→ EXERCISE PROMPT: Copy out the entries that follow exactly, leaving out the pictures.

--- PROVIDED RECORDS Enclosed Below ---

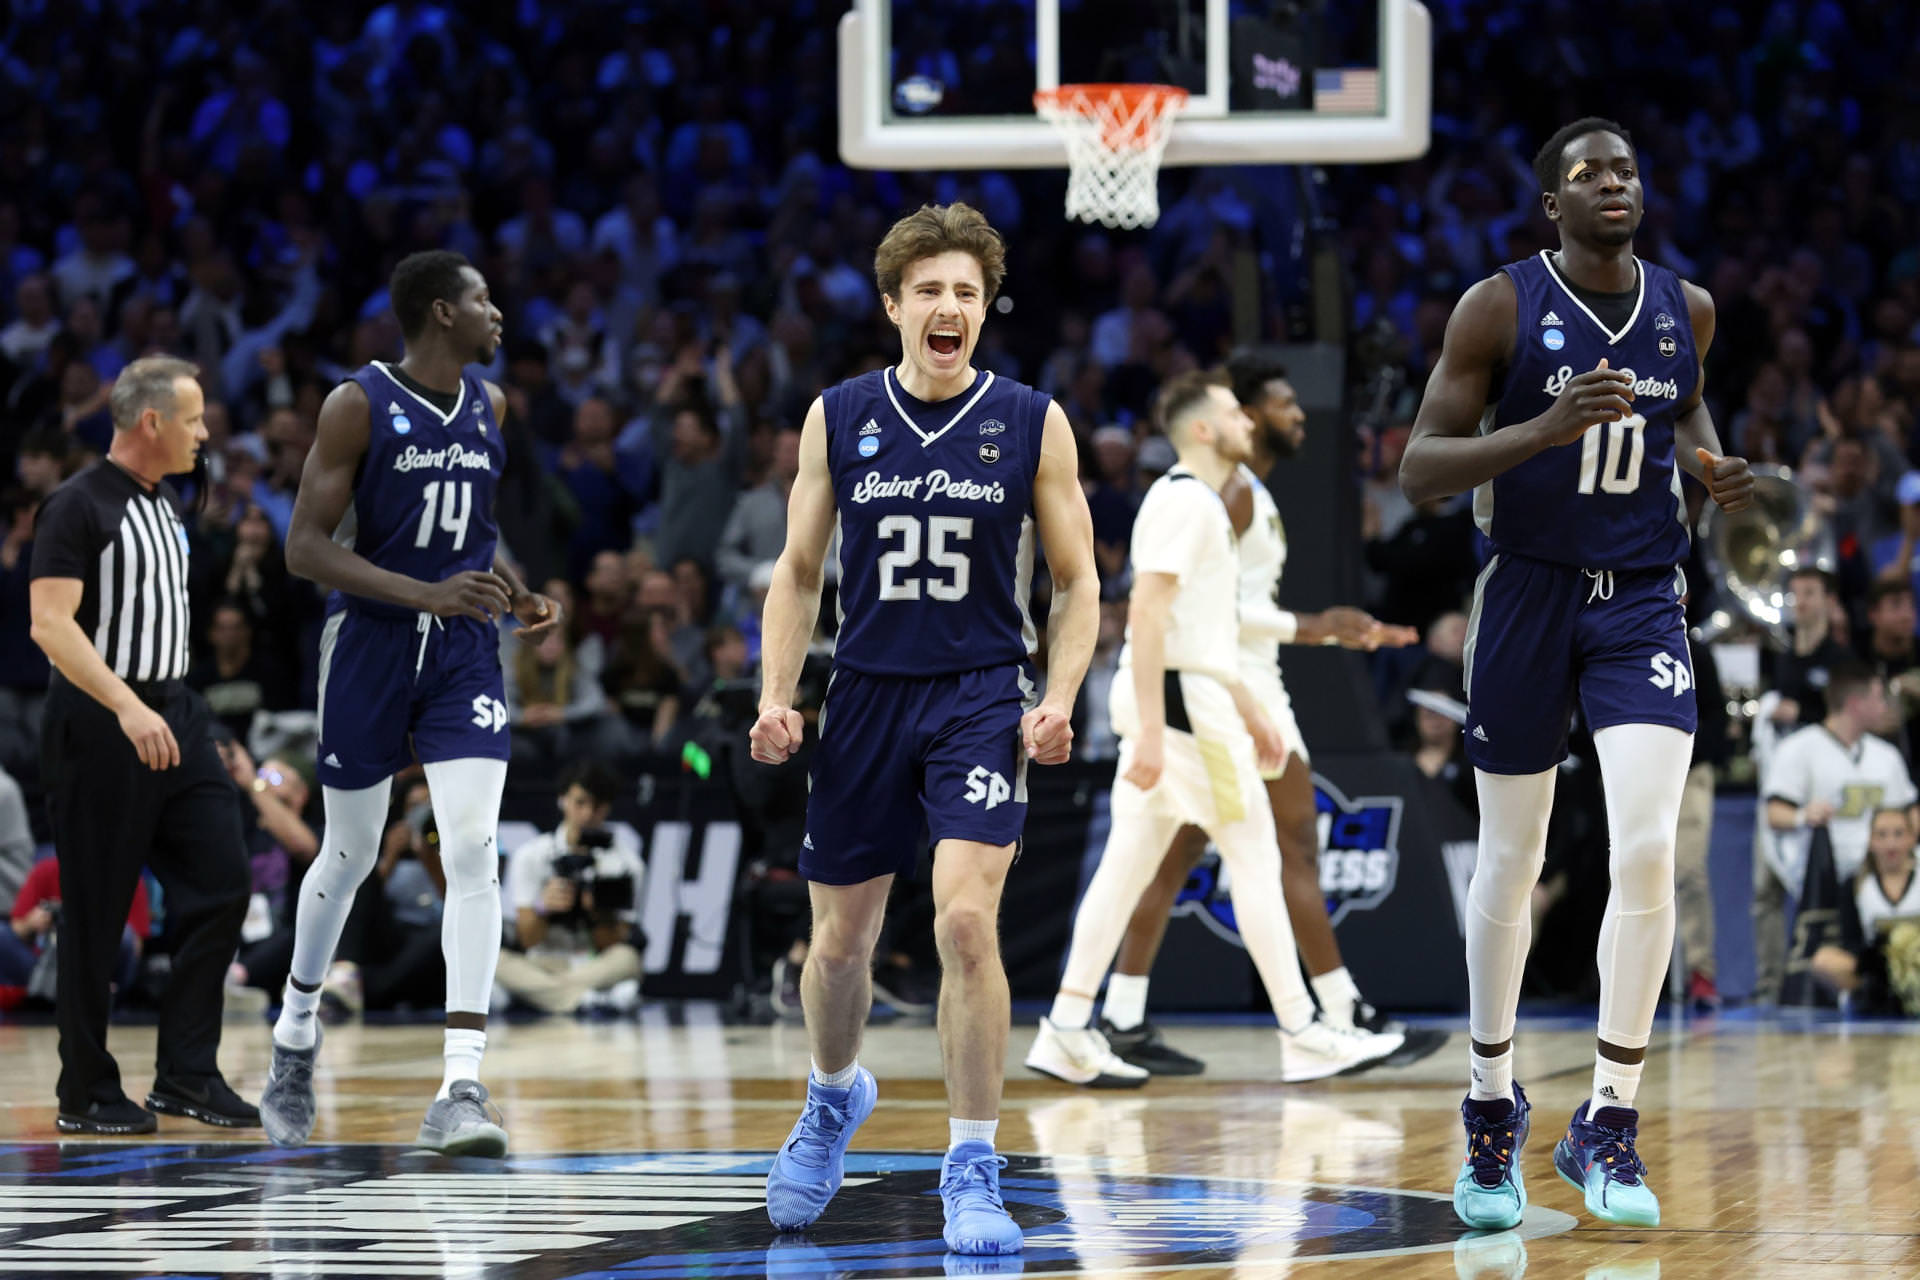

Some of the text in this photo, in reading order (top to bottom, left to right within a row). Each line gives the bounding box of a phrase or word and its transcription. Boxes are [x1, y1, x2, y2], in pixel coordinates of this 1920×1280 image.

[393, 445, 446, 472] Saint
[981, 447, 998, 458] BLM
[1578, 413, 1647, 494] 10
[851, 468, 1005, 504] Saint Peter's
[415, 481, 472, 551] 14
[877, 514, 974, 602] 25

--- End of Enclosed PROVIDED RECORDS ---

→ EXERCISE RESULT:
Some of the text in this photo, in reading order (top to bottom, left to right within a row). Each line gives the bounding box of a phrase or word and its transcription. Boxes are [x1, y1, x2, y2], in pixel coordinates of this 1920×1280 image.

[393, 445, 446, 472] Saint
[981, 447, 998, 458] BLM
[1578, 413, 1647, 494] 10
[851, 468, 1005, 504] Saint Peter's
[415, 481, 472, 551] 14
[877, 514, 974, 602] 25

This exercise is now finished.